Since ER status is an important classifier of breast cancer, ER expression of the MIN-Os and tumors arising from the MIN-Os was analyzed by immunohistochemistry. Immunochemically detected ER positivity was most strongly present in the area closest to the proliferating edge of the MIN-Os (proliferating zone; Fig. 1c), where large clusters of ER-positive cells were found (Fig. 1d left), while in the center of the MIN-Os, where cells are more differentiated, ER-positive cells were present but more scattered. In the tumors, there were fewer ER-positive cells and these were distributed in a random fashion that has been seen in Tg(PyV-mT) tumors (Fig. 1d, right) [5]. In ovariectomized animals, ER expression remained without obvious change in intensity and distribution in the MIN-O tissues (data not shown).

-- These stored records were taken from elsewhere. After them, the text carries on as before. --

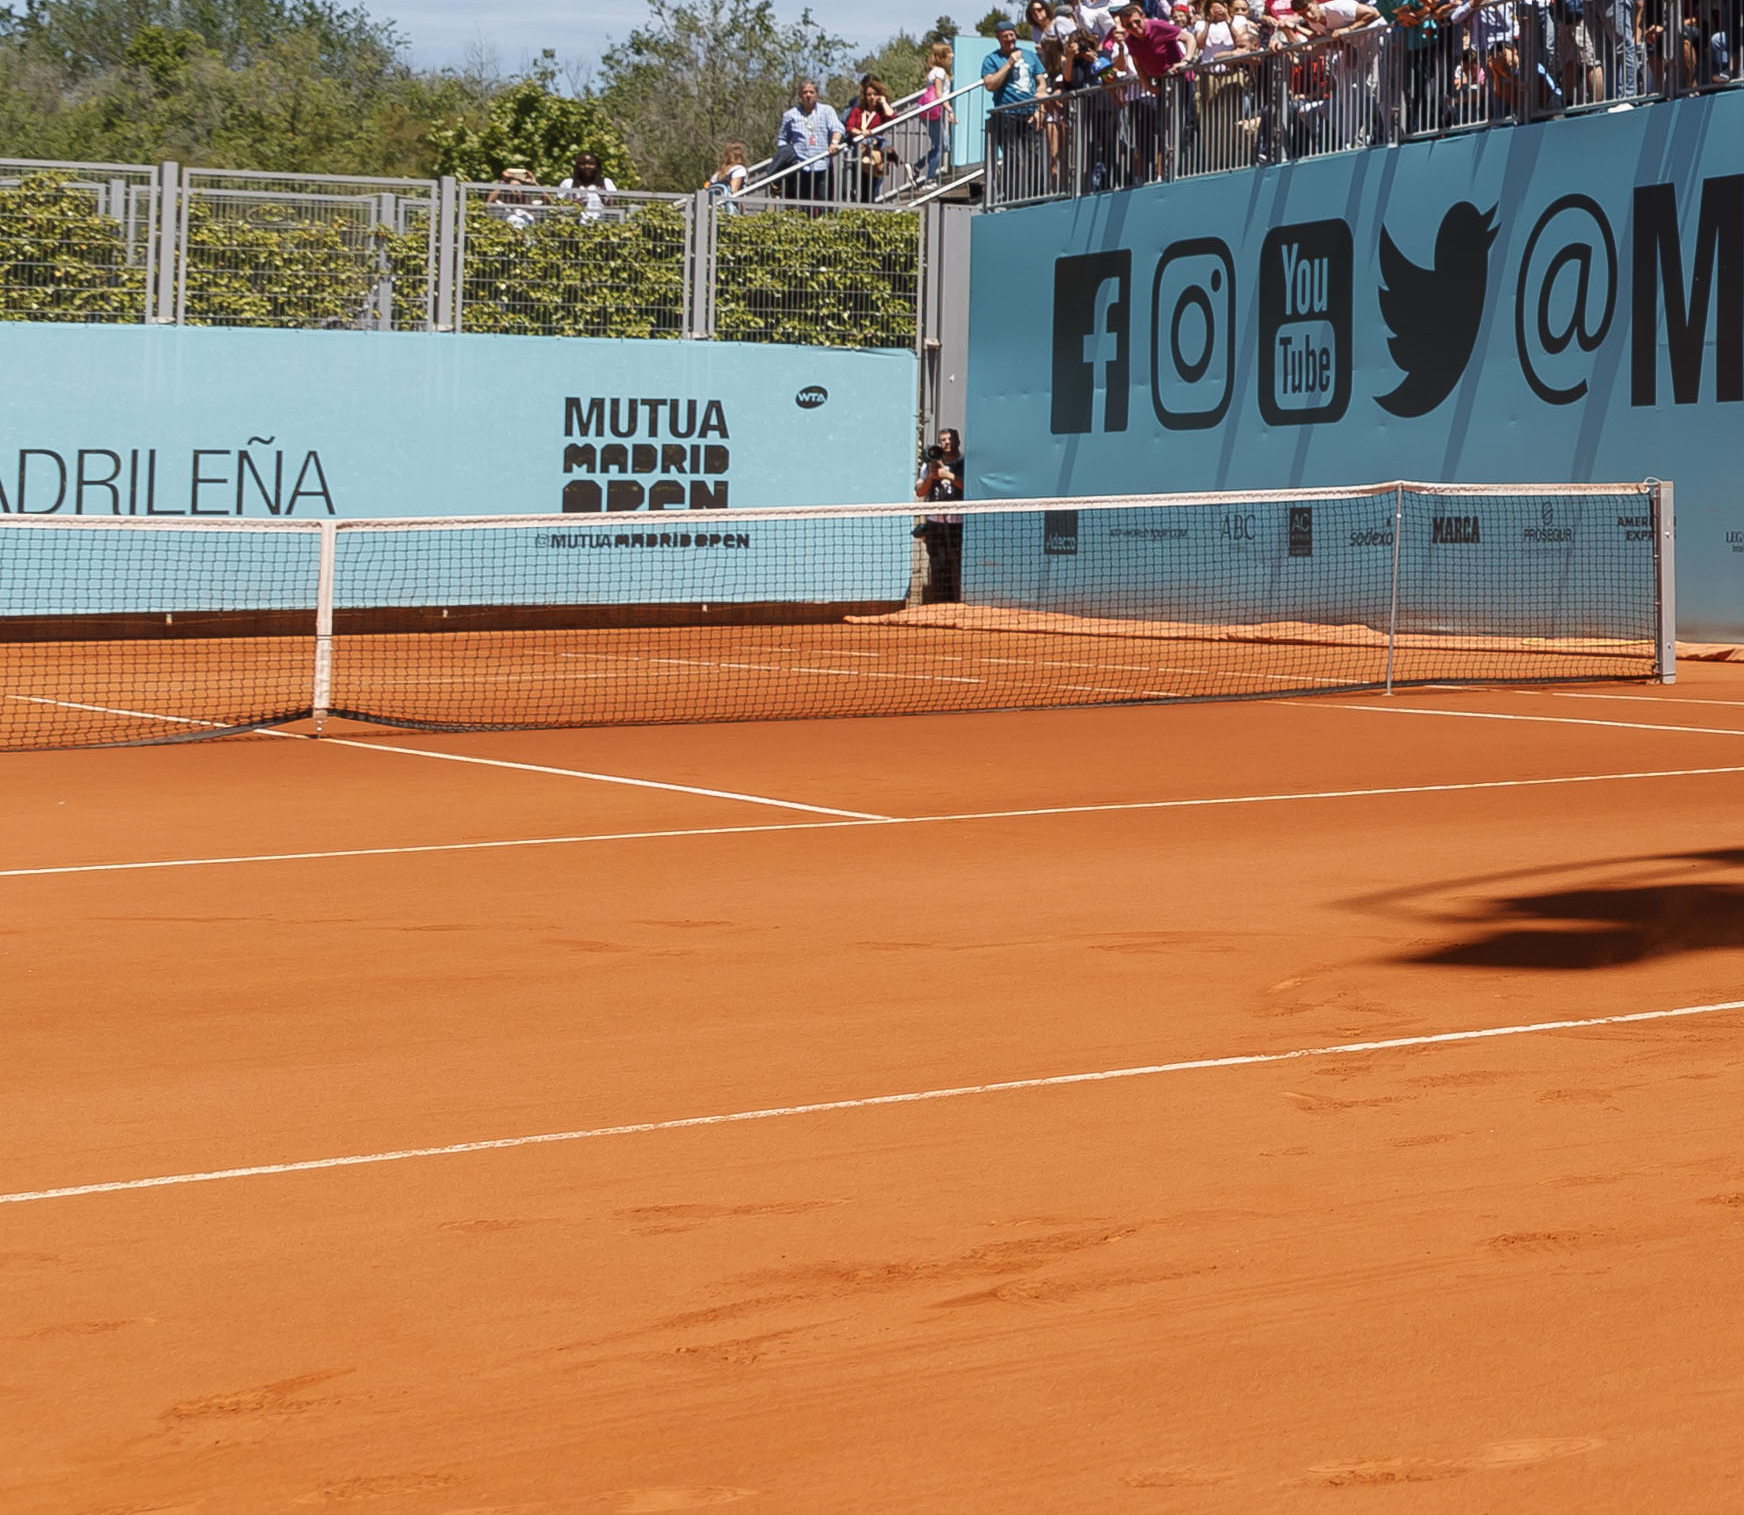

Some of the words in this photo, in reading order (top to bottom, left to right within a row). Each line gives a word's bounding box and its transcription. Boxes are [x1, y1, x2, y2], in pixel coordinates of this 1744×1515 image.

[1281, 242, 1329, 316] You
[1279, 333, 1331, 395] Tube
[798, 392, 825, 403] WTA
[564, 396, 730, 439] MUTUA
[562, 443, 730, 474] MADRID
[562, 479, 729, 513] OPEN
[1220, 513, 1256, 541] ABC
[1432, 516, 1481, 544] MARCA

The effect of ospemifene and tamoxifen on MIN-O tumorigenesis

The effect of SERMs on the MIN-O development was evaluated by treating MIN-O-transplanted animals with either tamoxifen or ospemifene. In order to determine the effect on the MIN-O growth, rather than the effect on tumor incidence, SERM-treated animals were humanely sacrificed at 3 weeks after transplantation, before tumors typically develop. While all MIN-O transplants, regardless of the treatment type, had clearly increased in size from the initial transplant, the SERM-treated animals had significantly smaller MIN-Os than the untreated animals (P < 0.0001; Fig. 2a). On the other hand, the MIN-O sizes were not statistically different between the two SERM groups. At the time of termination at 3 weeks after transplant, no tumor foci were seen in any of the groups.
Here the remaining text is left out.